Dropbox’s cloud storage service for enterprises has scored a major new stamp of approval, at least in terms of ensuring user privacy and protecting data.
Dropbox for Business is ISO 27018-compliant, the company announced today. “We’re excited to announce that Dropbox for Business is one of the first major cloud service providers to achieve certification with ISO 27018 — an emerging global standard for privacy and data protection in the cloud,” blogged Tolga Erbay, Security Risk and Compliance Manager for Dropbox.
ISO 27018 is a privacy standard that governs how cloud providers manage and protect personally identifiable information (PII). “ISO/IEC 27018:2014 is applicable to all types and sizes of organizations, including public and private companies, government entities, and not-for-profit organizations, which provide information processing services as PII processors via cloud computing under contract to other organizations,” notes the International Organization for Standardization’s (ISO) online abstract on the standard.
For businesses, ISO 27018 certification ensures that Dropbox will be transparent about how user information is used and what happens to their data when it winds up in the company’s cloud data centers.
“We only use the personal information you give us to provide you the services you signed up for,” assured Erbay. “You can add, modify, or delete data from Dropbox when you need to.” Similarly, he pledged that customers will be made aware of the company’s trusted partners and changes to the service.

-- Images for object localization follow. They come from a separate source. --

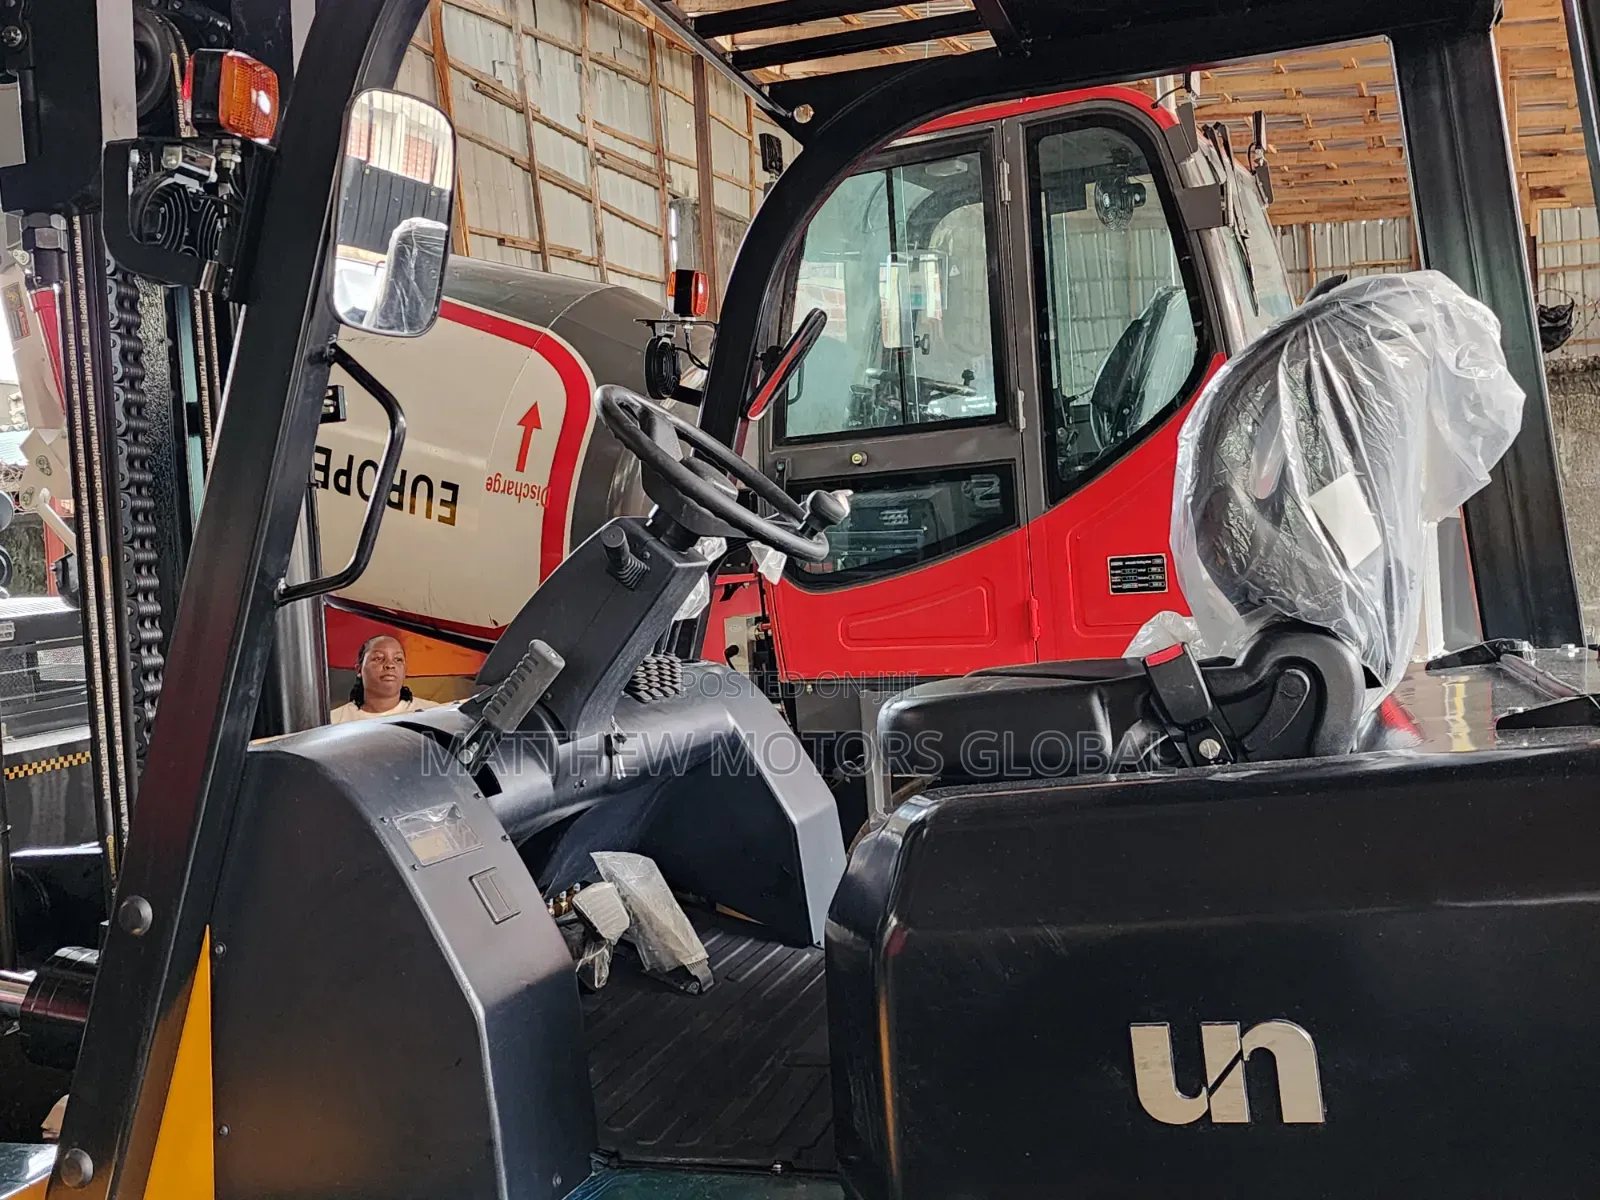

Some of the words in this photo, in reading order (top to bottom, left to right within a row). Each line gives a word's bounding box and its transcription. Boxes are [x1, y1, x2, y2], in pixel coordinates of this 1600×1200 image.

[76, 267, 84, 286] W.P.
[78, 290, 88, 322] 5000PSI
[84, 352, 92, 381] FLAME
[195, 305, 203, 335] 5000PSI
[202, 390, 210, 433] RESISTANT
[86, 385, 96, 432] RESISTANT
[91, 436, 99, 461] MSHA
[314, 445, 459, 526] EUROPE
[485, 473, 550, 508] Discharge
[84, 544, 92, 563] W.P.
[92, 628, 100, 658] FLAME
[94, 662, 106, 710] RESISTANT
[98, 714, 107, 739] MSHA
[116, 744, 124, 761] 2SC

Dropbox will also be forthcoming on where data resides on its servers and what happens to data after it is deleted or its respective account is closed.
When combined with ISO 27001, a data security standard for IT organizations, the new certification helps businesses round out their cloud storage compliance efforts. “We received ISO 27001 certification in October 2014, and the requirements for security and privacy under ISO 27018 — such as those around encryption and strict employee access controls — go hand in hand,” stated Erbay.
“We’re pleased to be one of the first companies to achieve ISO 27018 certification,” continued Erbay. “Privacy and data protection regulations and norms vary around the world, and we’re confident this certification will help our customers meet their global compliance needs.”
Dropbox joins another major provider of cloud software and services to embrace ISO 27018.
In February, Microsoft announced that Azure had adopted the standard, earning it the distinction of being the first cloud computing platform to do so. “ISO 27018 assures enterprise customers that privacy will be protected in several distinct ways,” noted Brad Smith, general counsel and executive vice president, Legal and Corporate Affairs, Microsoft, in a statement. “It ensures that there are defined restrictions on how we handle personally identifiable information, including restrictions on its transmission over public networks, storage on transportable media, and proper processes for data recovery and restoration efforts.”